Give your tortoise a 20-minute soak in a shallow bowl of warm water.
5/ Lethargy And Weakness
If your tortoise doesn’t poop and seems weak, it’s likely to be impacted. After all, impaction strains a tortoise’s internal organs, making it sluggish.
If a tortoise is lethargic, it’ll display the following behaviors:
- Sleeping more often
- Doesn’t move as much
- Movements, if any, are slow and sluggish
- Hiding in its shell more than normal
6/ Breathing Difficulties
Fecal impaction makes breathing hard as pressure is exerted on the internal organs.
Breathing problems in tortoises will manifest in the following ways:
- Extended neck
- Moving the head strangely to get better airflow
- Neck placed outside of shell for longer or more often than usual
7/ Lack of Appetite
A constipated tortoise is likely to reduce the amount of food it consumes.
It may feel bloated and won’t want to eat as much as it usually does. Impacted tortoises may stop eating altogether. Aside from feeling bloated, it may simply feel too tired to eat.
Note that a lack of appetite is a common symptom of many illnesses. For example, your tortoise may have an infection, feel uncomfortable in its enclosure, and dislike the food you’re offering.

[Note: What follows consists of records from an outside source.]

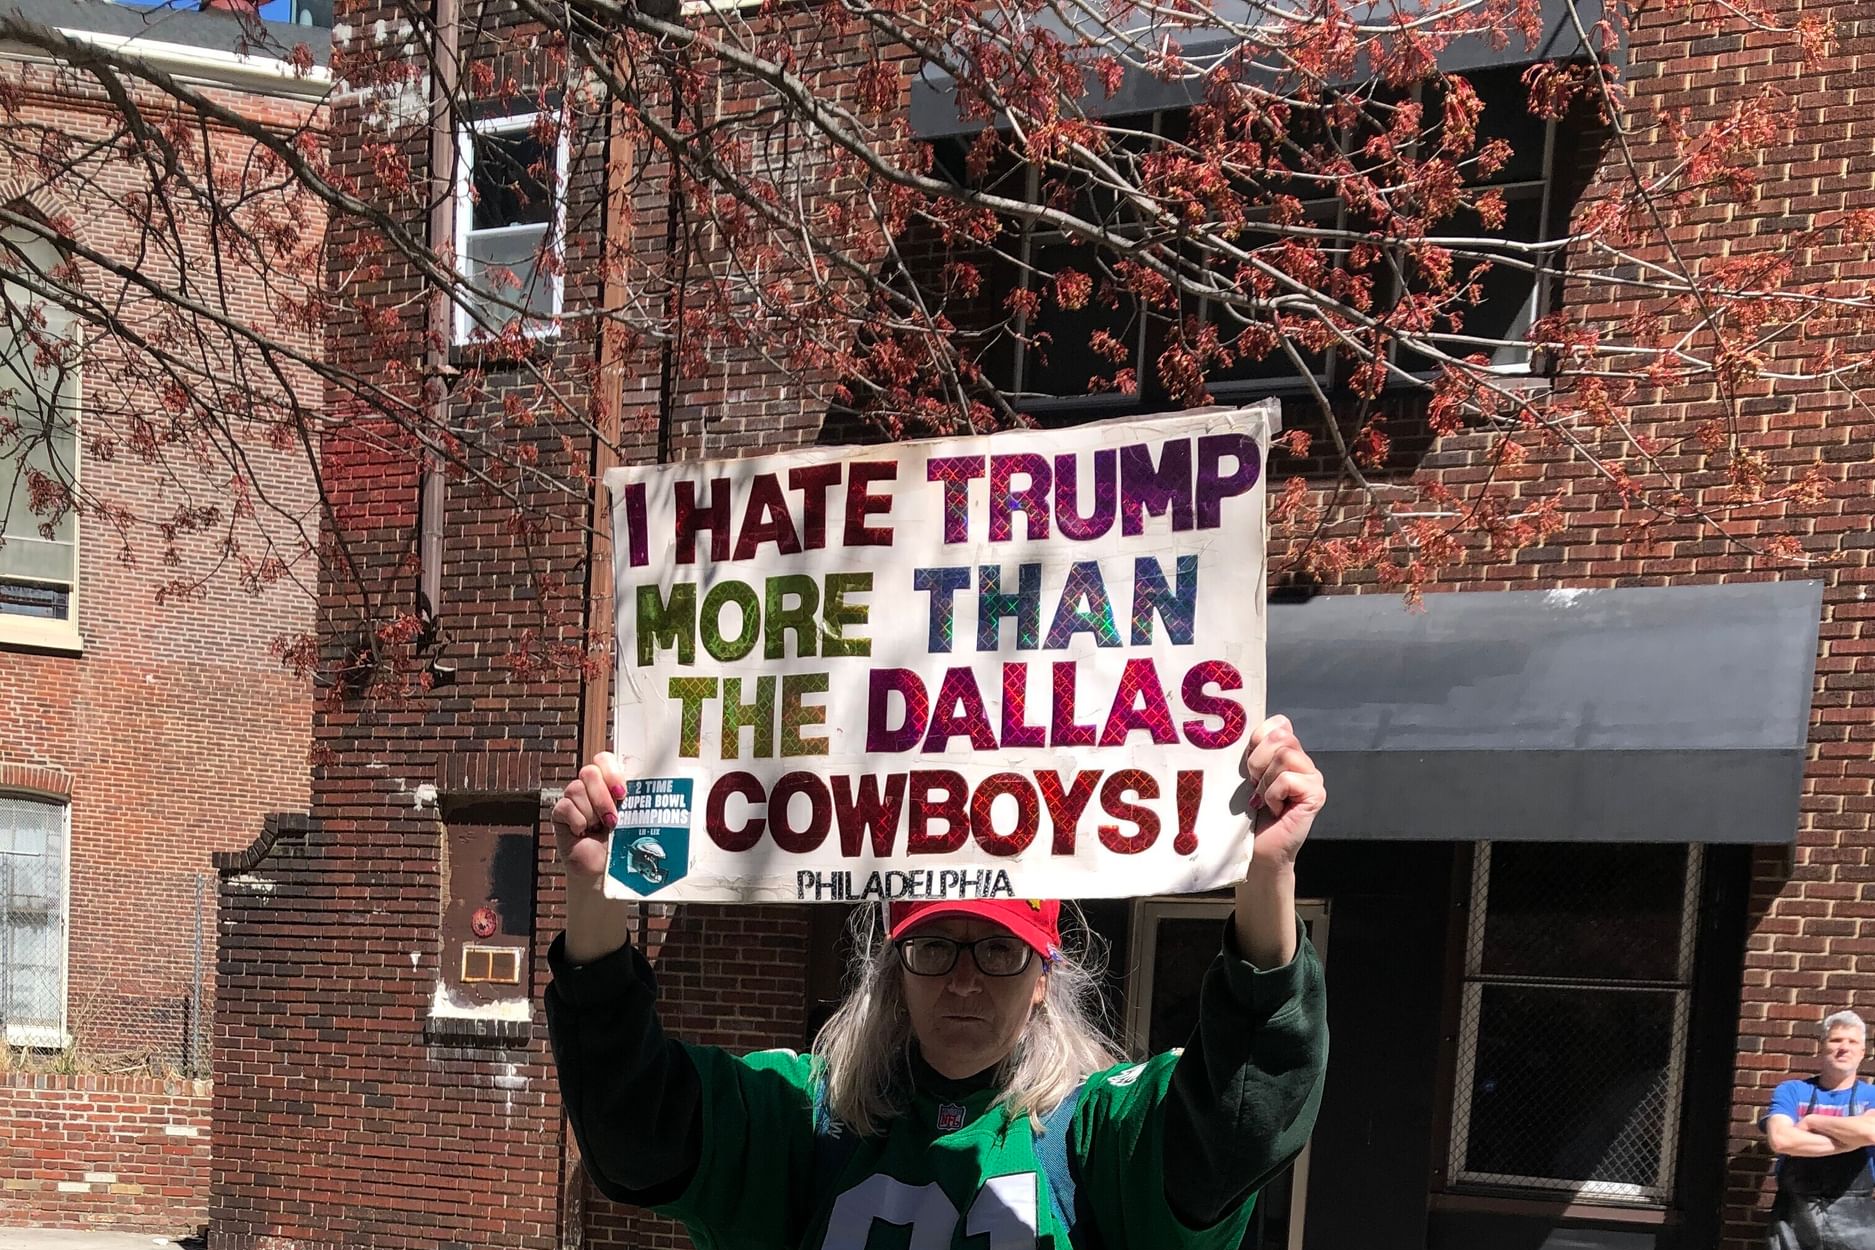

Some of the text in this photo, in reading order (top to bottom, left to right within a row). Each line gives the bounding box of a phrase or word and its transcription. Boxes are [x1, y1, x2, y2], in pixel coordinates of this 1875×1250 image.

[625, 433, 1261, 567] I HATE TRUMP
[635, 555, 1199, 667] MORE THAN
[668, 657, 1247, 760] THE DALLAS
[621, 794, 687, 810] SUPER BOWL
[635, 780, 674, 793] 2 TIME
[706, 769, 1205, 858] COWBOYS!
[618, 809, 689, 826] CHAMPIONS
[796, 869, 1016, 901] PHILADELPHIA

Fecal Impaction vs. Constipation
Here’s how to tell fecal impaction and constipation apart:
|Definition:||Difficulty in passing stools.||A blockage of the bowels.|
|Symptoms:||Hard and lumpy stool, painful bloating, and stomach cramps||Symptoms of constipation, pain or swelling in the lower back or lower abdomen, breathing difficulty, weakness, and lack of appetite.|
|Causes:||Fecal impaction or bowel obstruction, stress, illness, intestinal parasites, poor nutrition, and damage to the gastrointestinal muscles.||Ingestion of foreign objects, improper nutrition, egg binding, and bladder stones.|
How Long Can A Tortoise Go Without Pooping?
Tortoises poop less often than most pets, passing waste once every 2-3 days. Some tortoises will poop more often than others.

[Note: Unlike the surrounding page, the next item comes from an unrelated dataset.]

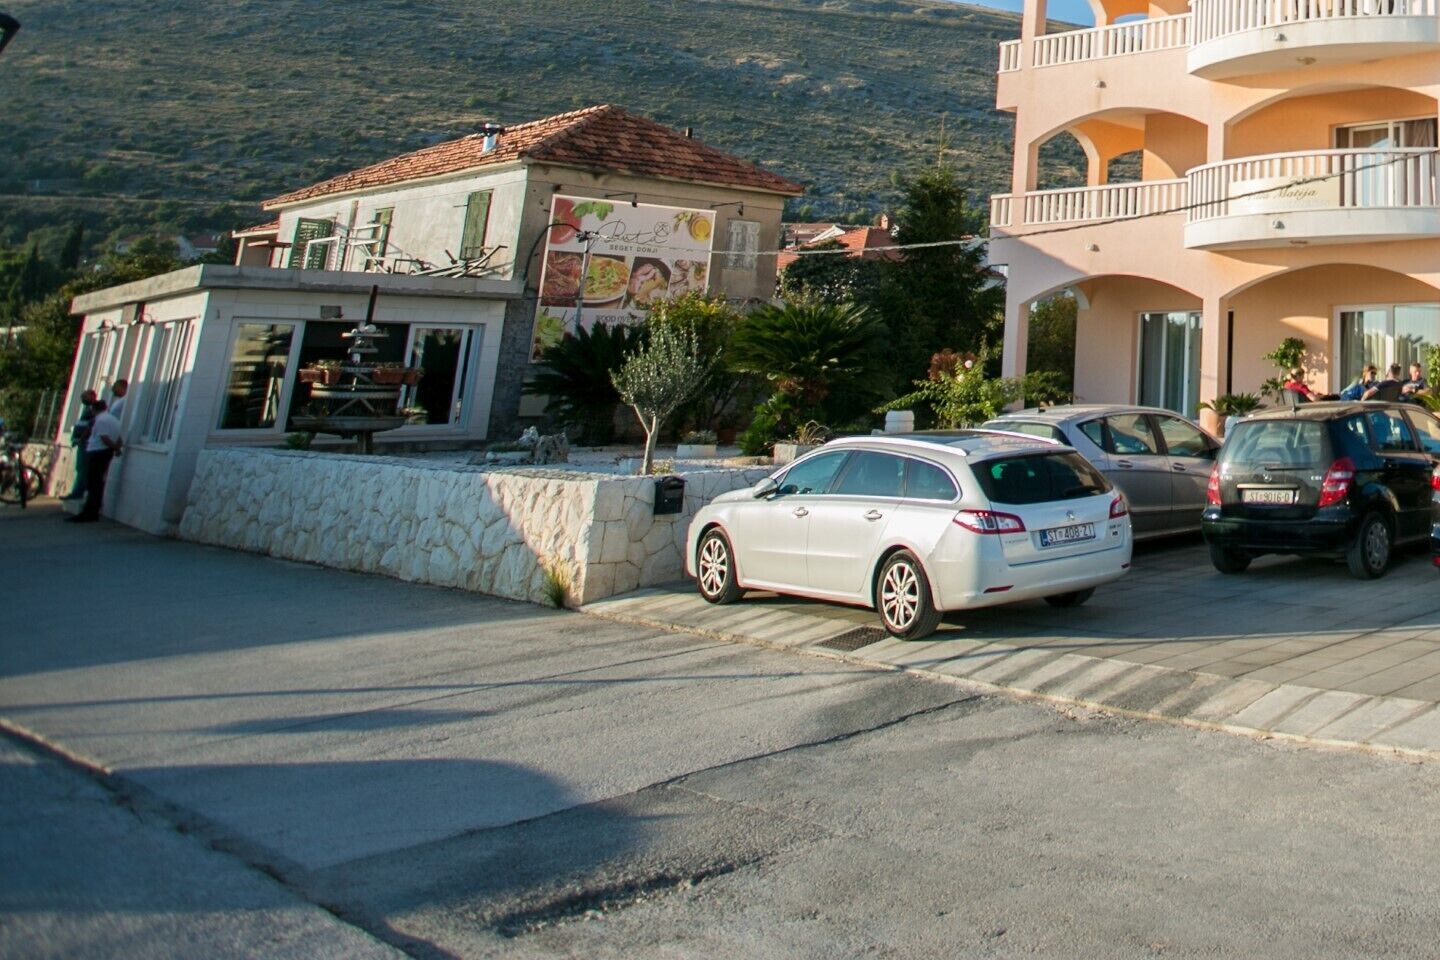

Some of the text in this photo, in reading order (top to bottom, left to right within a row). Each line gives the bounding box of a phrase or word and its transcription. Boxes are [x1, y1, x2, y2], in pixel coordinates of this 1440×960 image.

How often a tortoise goes to the toilet depends on its diet, especially how much water is in it.
How To Prevent Impaction In Tortoises
Impaction is a serious condition, but there are ways to avoid it:
Avoid giving your tortoise any dried food.
Even if it’s soaked in water afterward, dried food contains little moisture compared to fresh food.
The best diet for tortoises resembles the meals they would eat in the wild. Provide your tortoise with a diet rich in fiber and calcium but with low levels of protein and fat.
When tortoises are dehydrated, they’re at a greater risk of developing hard stools.
To prevent impaction, ensure that your tortoise has access to water, and its diet is high in moisture. Also, make sure that your tortoise’s habitat has sufficient humidity.
If you want to add stones to your tortoise’s enclosure, ensure they’re too large to fit in your tortoise’s mouth. Remove any mouth-sized rocks or pebbles.
Ensure that your tortoise has bedding that can be easily passed if consumed.
Substrates to avoid include the following:
- Walnut shells
- Corn cob
- Cat litter
Avoid anything that is undigestible and can block the gastrointestinal tract.
Tortoise Impaction Treatment
A vet should see impacted tortoises promptly, as impaction can be fatal if left untreated. A vet can use x-rays to determine the cause of the impaction, offering surgery to remove the blockage.
In the interim, you can make your tortoise more comfortable. This can be achieved by soaking it in warm water, giving it a natural laxative, and keeping its enclosure warm and humid.